Maior que o problema quantitativo -- a ser resolvido pelo efetivo cumprimento da meta federal e por programas estaduais como o paranaense Biblioteca Cidadã -- é o desafio da qualidade. Desafio que toma dimensão ainda maior quando envolve a escolha de obras destinadas a bibliotecas escolares. Um episódio recente, ocorrido em União da Vitória, chama a atenção para essa questão.

Surpresos com a enorme procura dos adolescentes por dois títulos específicos, os educadores da Escola Estadual São Cristóvão descobriram que cenas de pornografia, violência e pedofilia é que estavam despertando o interesse dos jovens leitores para os livros, que chegaram até o colégio por meio do Programa Nacional das Bibliotecas Escolares (PNBE), do Ministério da Educação. Constatada a inadequação dos conteúdos, o diretor da escola, Jair Brugnago, também vereador em União da Vitória, entrou com ação no Ministério Público para pedir que todos os exemplares de Amor à Brasileira – que reúne vários contos, dentre eles um de Dalton Trevisan -- e Um Contrato com Deus, do escritor americano Will Eisner, fossem retirados das escolas da cidade.
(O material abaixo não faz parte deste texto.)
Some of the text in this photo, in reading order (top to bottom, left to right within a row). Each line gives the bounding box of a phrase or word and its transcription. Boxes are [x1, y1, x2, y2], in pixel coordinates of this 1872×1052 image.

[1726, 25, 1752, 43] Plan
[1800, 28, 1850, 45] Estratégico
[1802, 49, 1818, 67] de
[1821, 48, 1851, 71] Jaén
Decisão semelhante foi tomada pelo Núcleo Regional de Educação de Foz do Iguaçu. Essas medidas chegaram a ser confundidas com censura, o que indica o quanto a cultura da aceitação automática, sem questionamentos, está instalada no universo escolar.
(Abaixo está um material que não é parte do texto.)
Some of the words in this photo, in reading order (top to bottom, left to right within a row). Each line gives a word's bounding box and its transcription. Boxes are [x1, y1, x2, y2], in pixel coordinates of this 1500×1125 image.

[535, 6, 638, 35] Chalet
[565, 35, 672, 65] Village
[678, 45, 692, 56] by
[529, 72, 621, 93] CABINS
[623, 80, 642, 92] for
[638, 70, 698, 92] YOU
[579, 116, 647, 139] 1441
O que se passou em União da Vitória e em Foz do Iguaçu foi a reação possível diante de uma situação que chegou ao extremo porque os mecanismos anteriores falharam. Afinal, as obras que desembarcam nas estantes das escolas públicas são resultado de algumas escolhas. A primeira delas se dá na esfera editorial. Em grande medida, as editoras definem o que os estudantes brasileiros vão ler durante o ano letivo, pois escolhem quais originais vão ou não para a impressão, quais obras serão ou não reeditadas. Essas empresas nem sempre tomam suas decisões de forma independente, pois lutam entre si para terem os títulos "apadrinhados" por programas oficiais. Segundo a Câmara Brasileira do Livro, cerca de 60% dos títulos editados no Brasil são comprados pelos governos para distribuição em programas escolares. Como é óbvio, um grande número de autores não consegue passar pelo crivo do mercado editorial. Curiosamente, a ninguém ocorre dizer que as editoras "censuram" os títulos recusados. Fica entendido que se trata de uma seleção.
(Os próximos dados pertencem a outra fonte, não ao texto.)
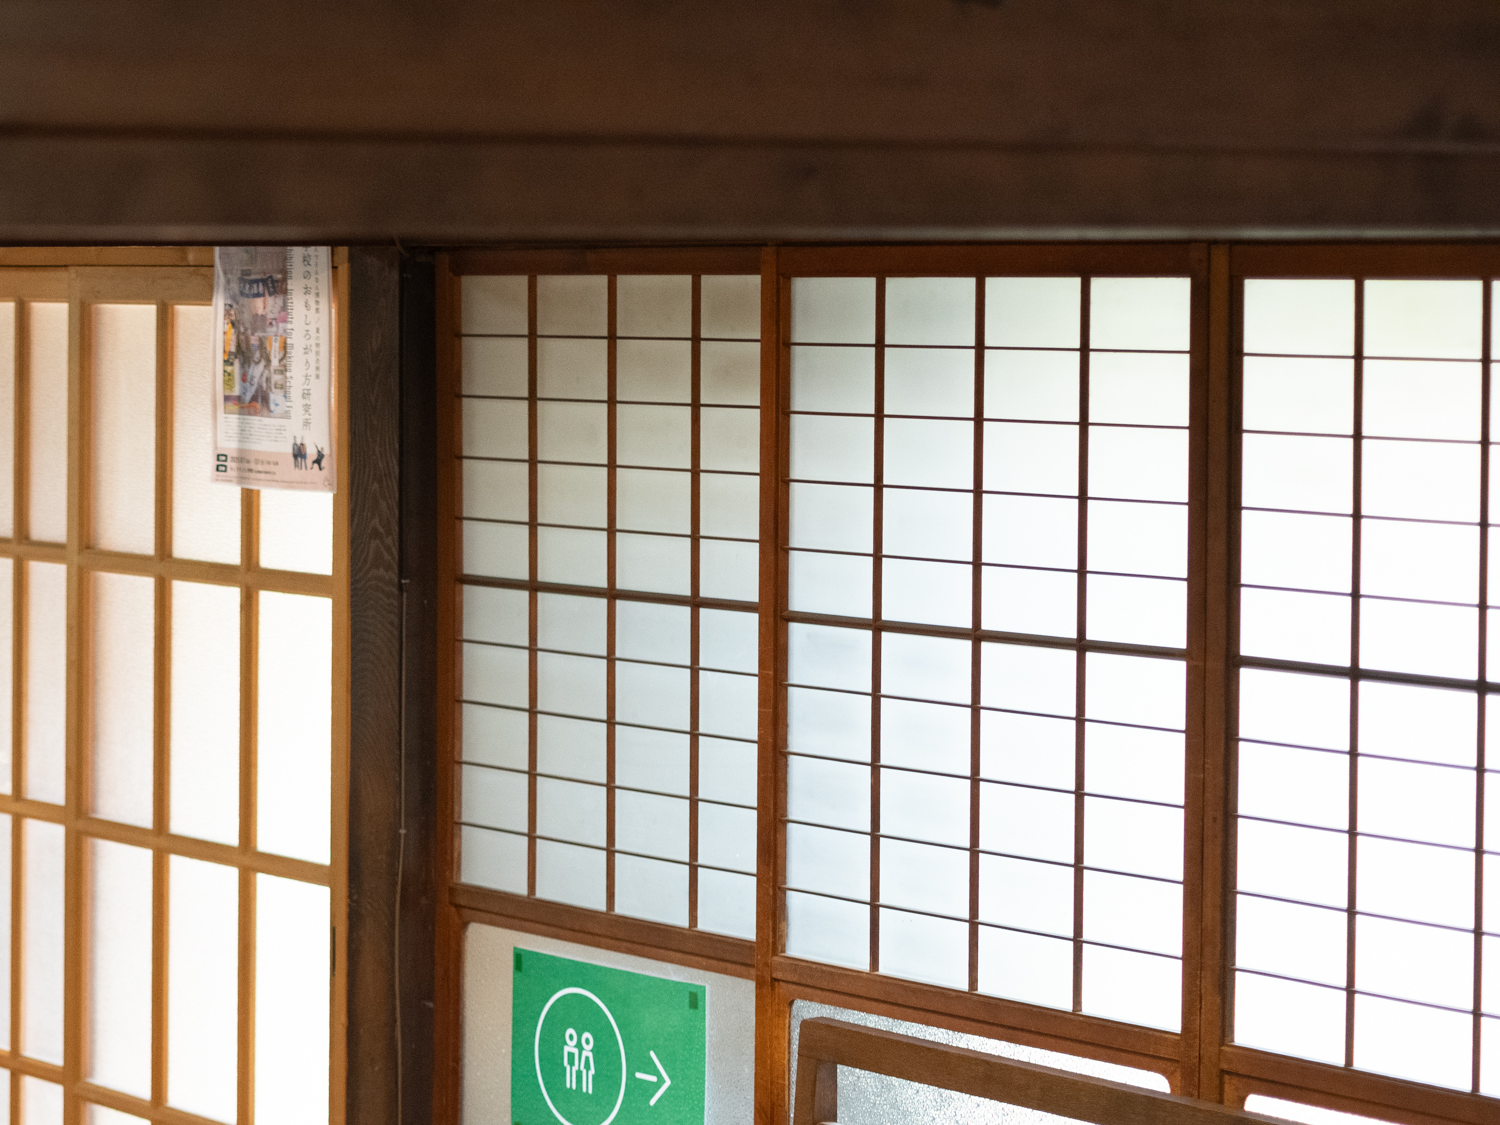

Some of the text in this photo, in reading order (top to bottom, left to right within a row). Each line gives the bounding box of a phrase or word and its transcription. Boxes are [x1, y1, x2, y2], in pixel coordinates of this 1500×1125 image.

[302, 247, 312, 430] 校のおもしろがり方研究所
A escolha seguinte se dá na esfera das políticas públicas. No caso do governo federal, cabe à comissão de educadores do PNBE selecionar, no universo de títulos disponíveis, quais são os mais adequados para os estudantes. Kits como o que chegou à Escola Estadual São Cristóvão, de União da Vitória, são resultado dessa decisão. Os que são destinados ao ensino médio contêm no máximo 273 títulos (caso das instituições com mais de 500 alunos). É fácil, portanto, dar pela falta de um imenso número de escritores da literatura nacional e mundial. Teriam sido censurados? É evidente que não. Seria pouco razoável queixar-se de que uma ou outra obra não fazem parte da lista. Afinal, há mais títulos "ausentes" do que "presentes". Cabe, portanto, a abordagem inversa. Se as preferências recaem sobre um certo conjunto de títulos, isso indica que os responsáveis pela seleção consideram esses livros como os mais indicados para os estudantes brasileiros. É sob essa perspectiva que se pergunta: Amor à Brasileira e Um Contrato com Deus são realmente as escolhas mais adequadas, dentre tantas possíveis, para nossos estudantes? Claramente, não é esse o caso. Tanto assim que mesmo quem inicialmente viu censura na decisão de Brugnago ficou perplexo com o teor de uma das obras em questão: na entrevista que concedeu a uma emissora de rádio de Curitiba, Brugnago foi desafiado pelo radialista a comprovar o despropósito do conteúdo. Com a leitura de um trecho pelo diretor, o constrangimento ficou nítido. Tanto que só restou ao entrevistador chamar os comerciais.

A inadequação da escolha é evidente. Para explicar a opção pelos títulos em um programa federal, restam, portanto, duas hipóteses: despreparo ou negligência. Como se vê, o caso não é de censura.